The story of the TurtleBot3 Lime, a next generation TurtleBot

Project Target

The TurtleBot3 Lime is a next-generation TurtleBot based on the TurtleBot3 Waffle with adding the NVIDIA Jetson Orin Nano, one of the most representative edge GPUs, and a six-degree-of-freedom arm. Many AI robots are beginning to be used in various industrial settings, and ROS will become an indispensable element as a bridging mechanism connecting AI algorithms and robot hardware. Lime is intended to be used as a training environment for personnel who develop and operate AI robots using ROS, as well as an environment for developing new related technologies.

Deep learning techniques are commonly utilized to implement most modern AI mechanisms, as is well known. For robot implementation, the most frequently used ones are:

  • Cognitive mechanisms, especially image recognition
    Image processing using deep learning provides essential functions for object recognition, posture recognition, etc.
  • Motion control, planning
    There have been many attempts to realize navigation and manipulator motion planning, as well as integrated motion planning that combines both, using deep reinforcement learning.
  • Task planning and group control
    Task planning is a planning hierarchy that is more abstract than motion planning. Its main purpose is to generate the robot’s action procedures necessary to achieve a goal.  As its extension, a mechanism for planning not only the actions of a single robot but also the actions of multiple robots in a collective manner to improve the total operational efficiency of robots is called a fleet control mechanism.
    Recently, methods using world models and reinforcement learning have been attempted for various robot planning. In addition, attempts have been made to use LLMs for symbol-based higher-level task planning.
  •  Interpersonal communication
    By using LLMs, it is possible to communicate with robots in natural language and interpret commands.
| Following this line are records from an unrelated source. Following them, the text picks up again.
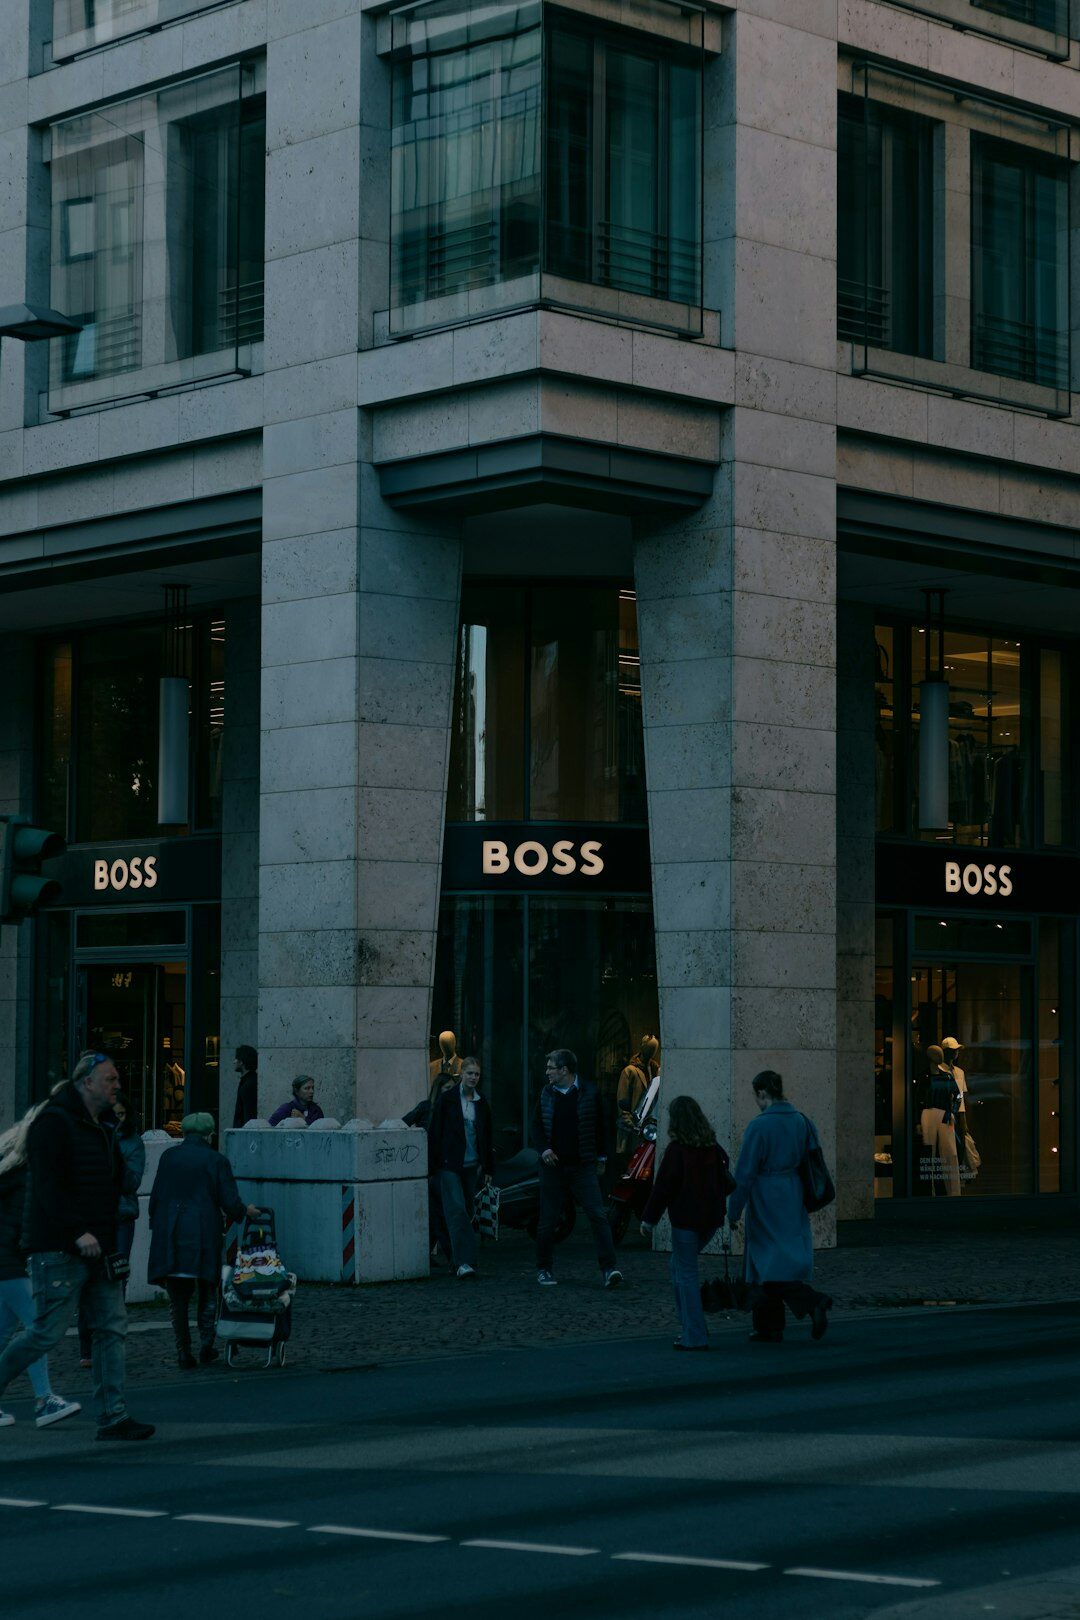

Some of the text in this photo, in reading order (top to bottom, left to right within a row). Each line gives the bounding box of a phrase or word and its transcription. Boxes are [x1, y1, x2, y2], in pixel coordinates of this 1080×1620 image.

[94, 856, 158, 891] BOSS
[482, 840, 604, 876] BOSS
[945, 861, 1013, 897] BOSS
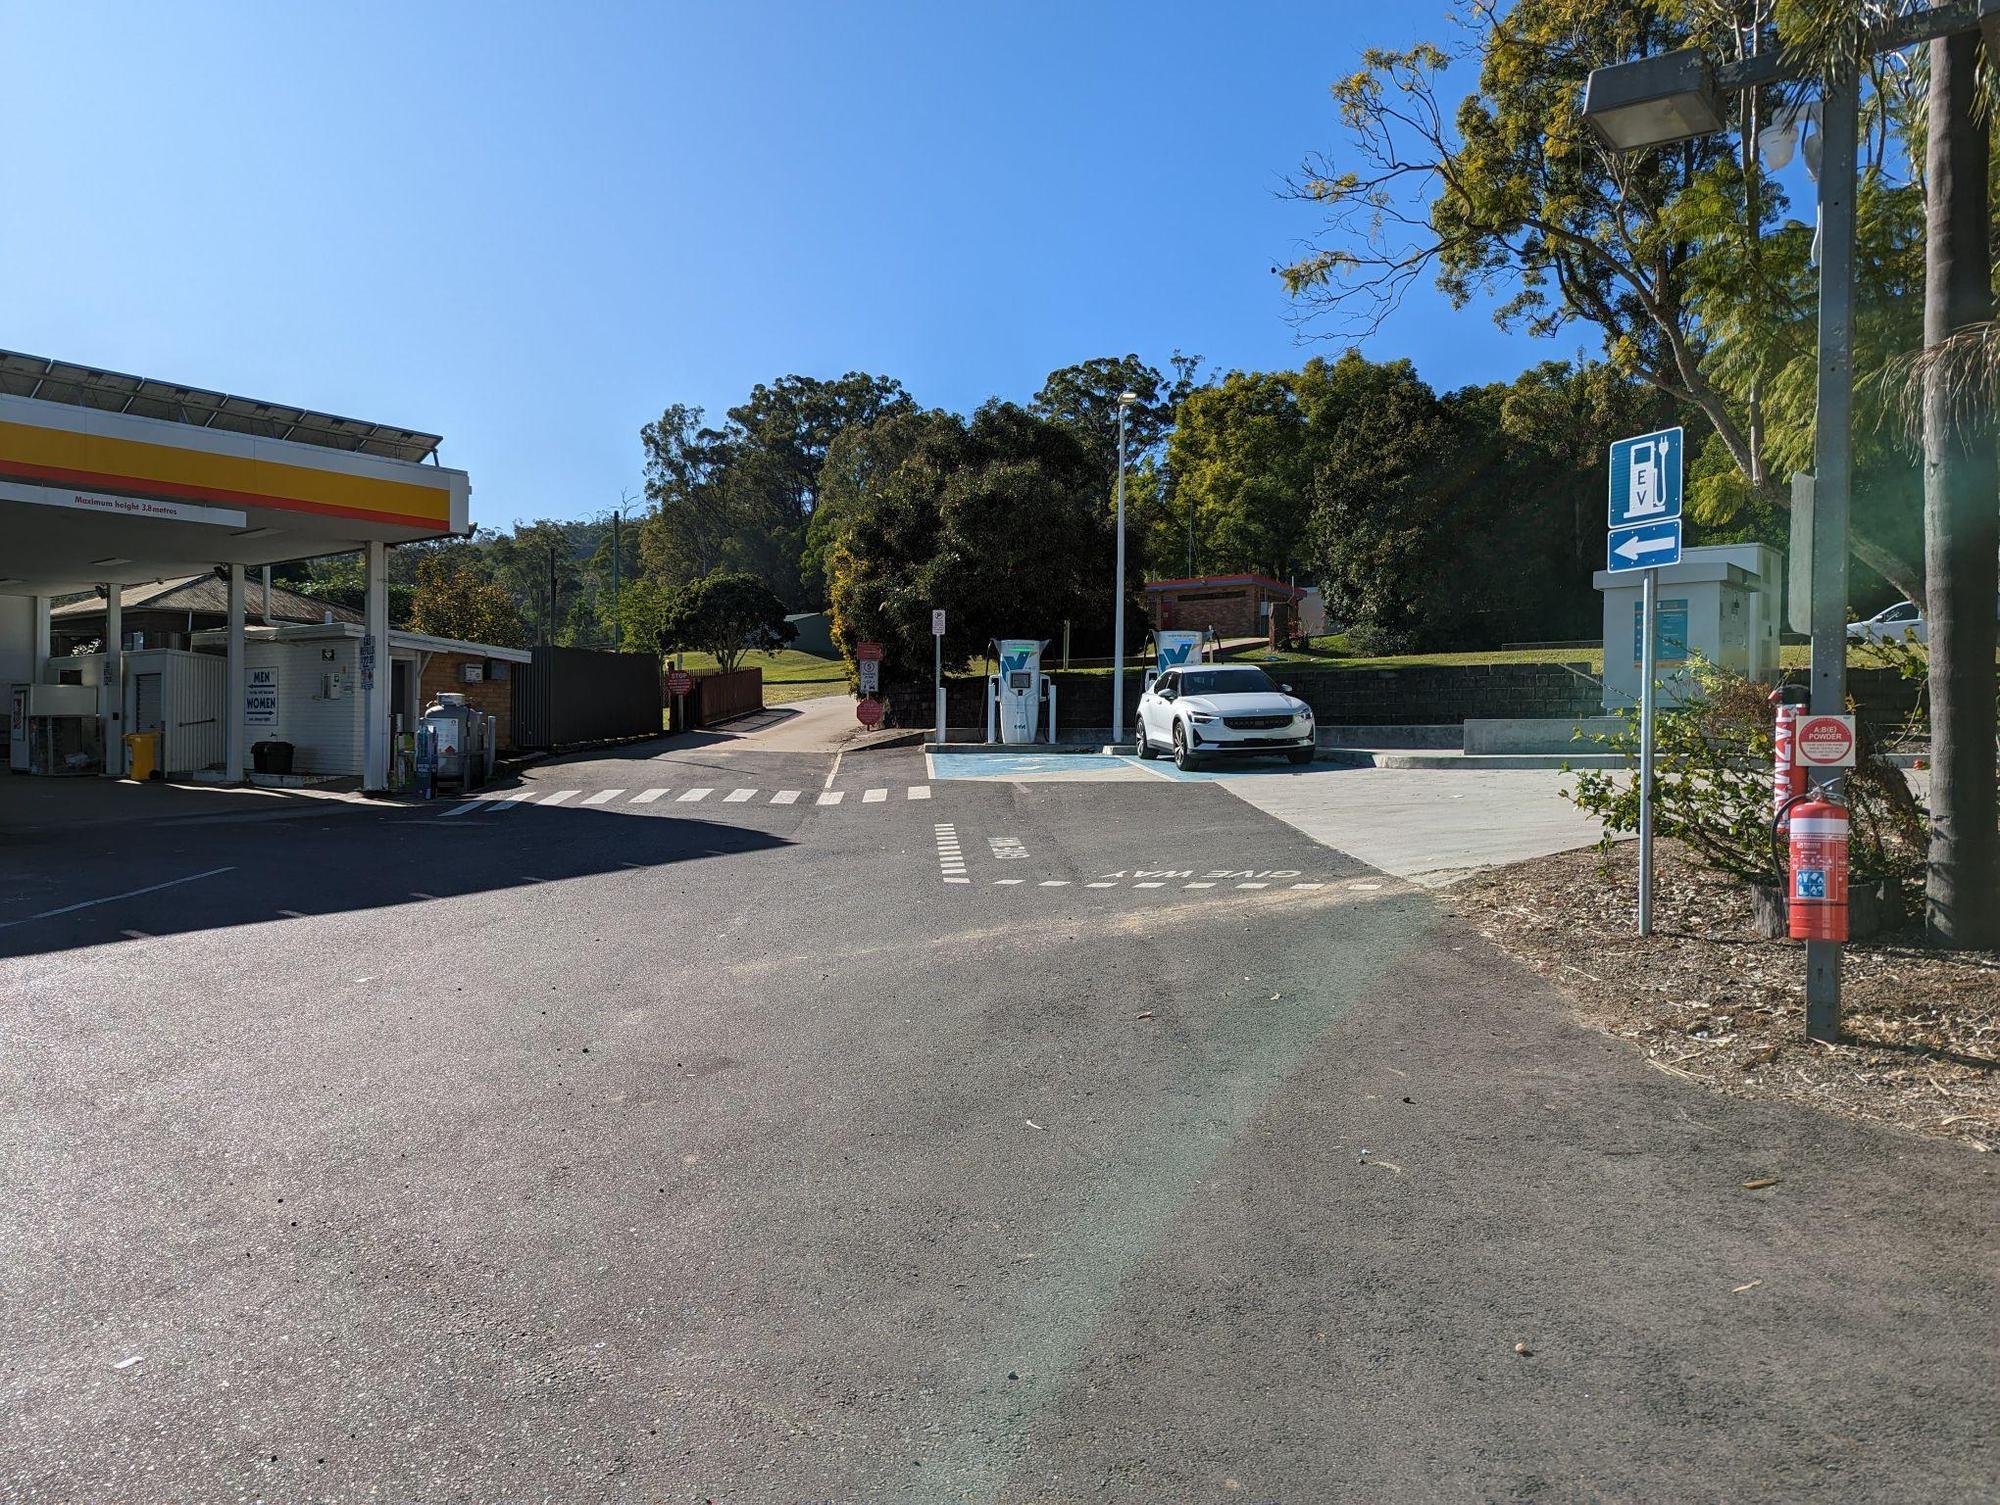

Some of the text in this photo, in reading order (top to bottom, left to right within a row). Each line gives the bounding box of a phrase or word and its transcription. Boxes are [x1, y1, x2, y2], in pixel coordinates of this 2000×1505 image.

[74, 495, 113, 508] Maximum
[115, 500, 139, 511] height
[254, 671, 270, 683] MEN
[671, 672, 688, 680] STOP
[247, 697, 276, 709] WOMEN
[1099, 870, 1302, 878] GIVE WAY
It is expected that AI technologies will be used in almost all functional hierarchies of robot control mechanisms. Therefore, it is extremely important to be able to utilize them and create new robots by using them.

To achieve this, it is necessary to consider not only individual algorithms, but also the architecture for configuring the system and the development method. The robot system architecture relies on the properties of deep learning as a system component, and so previous architectures based on non-deep learning methods need to be reconsidered accordingly.

Recently, for example, many robot control algorithms have been provided by NVIDIA Isaac and other open source repositories. Therefore, the main challenge is to test and examine the architecture and development process for effectively utilizing them using actual robots. With this goal in mind, Momoi.org is proceeding with the project in stages.

Discovering ways to use AI technology

Recently, deep learning technology has made remarkable progress. Algorithms that can be used for robot control are being developed one after another at short intervals. In order to make effective use of them, it is necessary to define a specific field of use and implement applications in that field to evaluate the applicability of each technology to the application and the user value that will be created as a result. In the course of this process, it may be necessary to improve algorithm in some cases. For these reasons, Momoi.org is developing experimental applications for several robots, including Lime.

Architecture considerations

Since implementing all of the deep learning control algorithms on the robot side is inefficient in terms of resource consumption, functions must be shared with the server side. Image recognition and motion planning are particularly effective when performed locally. Image processing generates a large amount of data, and is prone to problems when transmitted over a network, so it is desirable to be able to process it locally on the robot if possible.

For this reason, when building a system using Lime, it is necessary to be able to execute image recognition and motion planning locally and seamlessly connect to other functions executed on the server. In this way, in order to be able to appropriately combine a large number of element functions to build the necessary functions, it is important to build a general-purpose architecture for versatile AI robot applications on a distributed system consisting of Lime and a server.

A robot is a real-time system that processes external information from sensors, recognizes the environment in which it is placed, and performs planning based on that, and the architecture must have a structure suitable for realizing this.

Consideration of the development process

In general, a large amount of training data is required for deep learning to function. In order to reduce the cost of preparing this data, the generation of training data in a digital twin environment is attracting attention. Momoi.org is developing an environment by NVIDIA Omniverse that allows robot AI application development without using actual machines.

Project repositories

Multiple projects are underway, each with its own repository on GitHub. Currently,

  • pytwb library: A library with ROS project management and Python xml Behavior Tree description functions.
  • ros_actor library: A library to facilitate real-time programming by providing a function to automatically allocate threads, since real-time programs that use a lot of callbacks are difficult to both create and read.
  • LimeSimulDemo: A collection of the simplest Lime demo programs. Using Behavior Tree, it implements things like picking coke cans.

Following this, we plan to release examples of applications using Isaac, virtual factory definitions on Omniverse, etc.